WHAT NEEDS TO BE DONE: From the first line to the last, print the data exactly as it appears.
RECORDED DATA START
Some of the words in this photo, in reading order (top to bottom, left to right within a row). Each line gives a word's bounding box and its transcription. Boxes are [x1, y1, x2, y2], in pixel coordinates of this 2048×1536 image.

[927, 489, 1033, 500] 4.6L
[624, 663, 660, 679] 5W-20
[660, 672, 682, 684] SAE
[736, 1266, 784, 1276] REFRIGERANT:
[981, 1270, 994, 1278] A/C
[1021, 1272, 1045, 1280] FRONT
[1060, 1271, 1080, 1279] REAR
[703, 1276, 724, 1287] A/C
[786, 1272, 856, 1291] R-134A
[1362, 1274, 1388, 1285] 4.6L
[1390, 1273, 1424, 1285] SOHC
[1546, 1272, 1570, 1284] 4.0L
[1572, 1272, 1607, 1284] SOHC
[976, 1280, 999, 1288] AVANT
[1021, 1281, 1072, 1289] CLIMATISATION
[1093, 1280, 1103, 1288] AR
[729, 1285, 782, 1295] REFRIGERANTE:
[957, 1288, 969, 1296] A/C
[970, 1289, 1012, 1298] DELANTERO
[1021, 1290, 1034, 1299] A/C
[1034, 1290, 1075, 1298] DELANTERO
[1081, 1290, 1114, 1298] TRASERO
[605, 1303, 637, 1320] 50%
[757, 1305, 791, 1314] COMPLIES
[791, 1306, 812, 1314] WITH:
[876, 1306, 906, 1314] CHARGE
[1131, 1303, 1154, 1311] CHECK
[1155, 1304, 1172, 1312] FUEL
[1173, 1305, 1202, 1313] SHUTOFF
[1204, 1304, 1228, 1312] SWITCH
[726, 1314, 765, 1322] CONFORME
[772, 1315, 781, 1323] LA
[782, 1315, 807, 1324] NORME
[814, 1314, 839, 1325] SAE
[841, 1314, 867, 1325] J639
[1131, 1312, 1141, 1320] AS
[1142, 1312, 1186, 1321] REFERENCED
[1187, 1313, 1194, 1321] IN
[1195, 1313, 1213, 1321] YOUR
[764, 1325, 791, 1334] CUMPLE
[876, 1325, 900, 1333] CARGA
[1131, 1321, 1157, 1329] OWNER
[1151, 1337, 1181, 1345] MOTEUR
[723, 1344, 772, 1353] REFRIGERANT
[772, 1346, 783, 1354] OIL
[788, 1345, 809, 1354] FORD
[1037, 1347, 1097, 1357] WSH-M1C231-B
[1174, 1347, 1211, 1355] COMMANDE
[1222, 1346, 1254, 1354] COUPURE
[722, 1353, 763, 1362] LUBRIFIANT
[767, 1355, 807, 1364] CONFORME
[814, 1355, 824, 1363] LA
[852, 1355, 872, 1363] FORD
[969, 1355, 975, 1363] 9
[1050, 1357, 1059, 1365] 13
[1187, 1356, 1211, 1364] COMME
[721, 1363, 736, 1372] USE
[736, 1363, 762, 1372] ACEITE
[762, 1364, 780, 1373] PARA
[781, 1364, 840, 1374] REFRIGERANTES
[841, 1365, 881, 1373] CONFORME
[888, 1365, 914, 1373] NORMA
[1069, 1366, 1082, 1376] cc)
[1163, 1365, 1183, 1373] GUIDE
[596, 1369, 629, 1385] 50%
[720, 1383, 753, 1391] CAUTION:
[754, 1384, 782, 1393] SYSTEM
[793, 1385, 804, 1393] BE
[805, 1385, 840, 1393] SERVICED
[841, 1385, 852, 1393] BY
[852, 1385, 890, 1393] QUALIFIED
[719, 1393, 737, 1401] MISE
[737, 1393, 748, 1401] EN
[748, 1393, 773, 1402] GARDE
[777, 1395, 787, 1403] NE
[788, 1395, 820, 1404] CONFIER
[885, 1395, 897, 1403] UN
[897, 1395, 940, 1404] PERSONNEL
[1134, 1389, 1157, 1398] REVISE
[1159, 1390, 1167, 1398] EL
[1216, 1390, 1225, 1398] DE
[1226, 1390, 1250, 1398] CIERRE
RECORDED DATA END
ANSWER FOR THE TASK:
Some of the words in this photo, in reading order (top to bottom, left to right within a row). Each line gives a word's bounding box and its transcription. Boxes are [x1, y1, x2, y2], in pixel coordinates of this 2048×1536 image.

[927, 489, 1033, 500] 4.6L
[624, 663, 660, 679] 5W-20
[660, 672, 682, 684] SAE
[736, 1266, 784, 1276] REFRIGERANT:
[981, 1270, 994, 1278] A/C
[1021, 1272, 1045, 1280] FRONT
[1060, 1271, 1080, 1279] REAR
[703, 1276, 724, 1287] A/C
[786, 1272, 856, 1291] R-134A
[1362, 1274, 1388, 1285] 4.6L
[1390, 1273, 1424, 1285] SOHC
[1546, 1272, 1570, 1284] 4.0L
[1572, 1272, 1607, 1284] SOHC
[976, 1280, 999, 1288] AVANT
[1021, 1281, 1072, 1289] CLIMATISATION
[1093, 1280, 1103, 1288] AR
[729, 1285, 782, 1295] REFRIGERANTE:
[957, 1288, 969, 1296] A/C
[970, 1289, 1012, 1298] DELANTERO
[1021, 1290, 1034, 1299] A/C
[1034, 1290, 1075, 1298] DELANTERO
[1081, 1290, 1114, 1298] TRASERO
[605, 1303, 637, 1320] 50%
[757, 1305, 791, 1314] COMPLIES
[791, 1306, 812, 1314] WITH:
[876, 1306, 906, 1314] CHARGE
[1131, 1303, 1154, 1311] CHECK
[1155, 1304, 1172, 1312] FUEL
[1173, 1305, 1202, 1313] SHUTOFF
[1204, 1304, 1228, 1312] SWITCH
[726, 1314, 765, 1322] CONFORME
[772, 1315, 781, 1323] LA
[782, 1315, 807, 1324] NORME
[814, 1314, 839, 1325] SAE
[841, 1314, 867, 1325] J639
[1131, 1312, 1141, 1320] AS
[1142, 1312, 1186, 1321] REFERENCED
[1187, 1313, 1194, 1321] IN
[1195, 1313, 1213, 1321] YOUR
[764, 1325, 791, 1334] CUMPLE
[876, 1325, 900, 1333] CARGA
[1131, 1321, 1157, 1329] OWNER
[1151, 1337, 1181, 1345] MOTEUR
[723, 1344, 772, 1353] REFRIGERANT
[772, 1346, 783, 1354] OIL
[788, 1345, 809, 1354] FORD
[1037, 1347, 1097, 1357] WSH-M1C231-B
[1174, 1347, 1211, 1355] COMMANDE
[1222, 1346, 1254, 1354] COUPURE
[722, 1353, 763, 1362] LUBRIFIANT
[767, 1355, 807, 1364] CONFORME
[814, 1355, 824, 1363] LA
[852, 1355, 872, 1363] FORD
[969, 1355, 975, 1363] 9
[1050, 1357, 1059, 1365] 13
[1187, 1356, 1211, 1364] COMME
[721, 1363, 736, 1372] USE
[736, 1363, 762, 1372] ACEITE
[762, 1364, 780, 1373] PARA
[781, 1364, 840, 1374] REFRIGERANTES
[841, 1365, 881, 1373] CONFORME
[888, 1365, 914, 1373] NORMA
[1069, 1366, 1082, 1376] cc)
[1163, 1365, 1183, 1373] GUIDE
[596, 1369, 629, 1385] 50%
[720, 1383, 753, 1391] CAUTION:
[754, 1384, 782, 1393] SYSTEM
[793, 1385, 804, 1393] BE
[805, 1385, 840, 1393] SERVICED
[841, 1385, 852, 1393] BY
[852, 1385, 890, 1393] QUALIFIED
[719, 1393, 737, 1401] MISE
[737, 1393, 748, 1401] EN
[748, 1393, 773, 1402] GARDE
[777, 1395, 787, 1403] NE
[788, 1395, 820, 1404] CONFIER
[885, 1395, 897, 1403] UN
[897, 1395, 940, 1404] PERSONNEL
[1134, 1389, 1157, 1398] REVISE
[1159, 1390, 1167, 1398] EL
[1216, 1390, 1225, 1398] DE
[1226, 1390, 1250, 1398] CIERRE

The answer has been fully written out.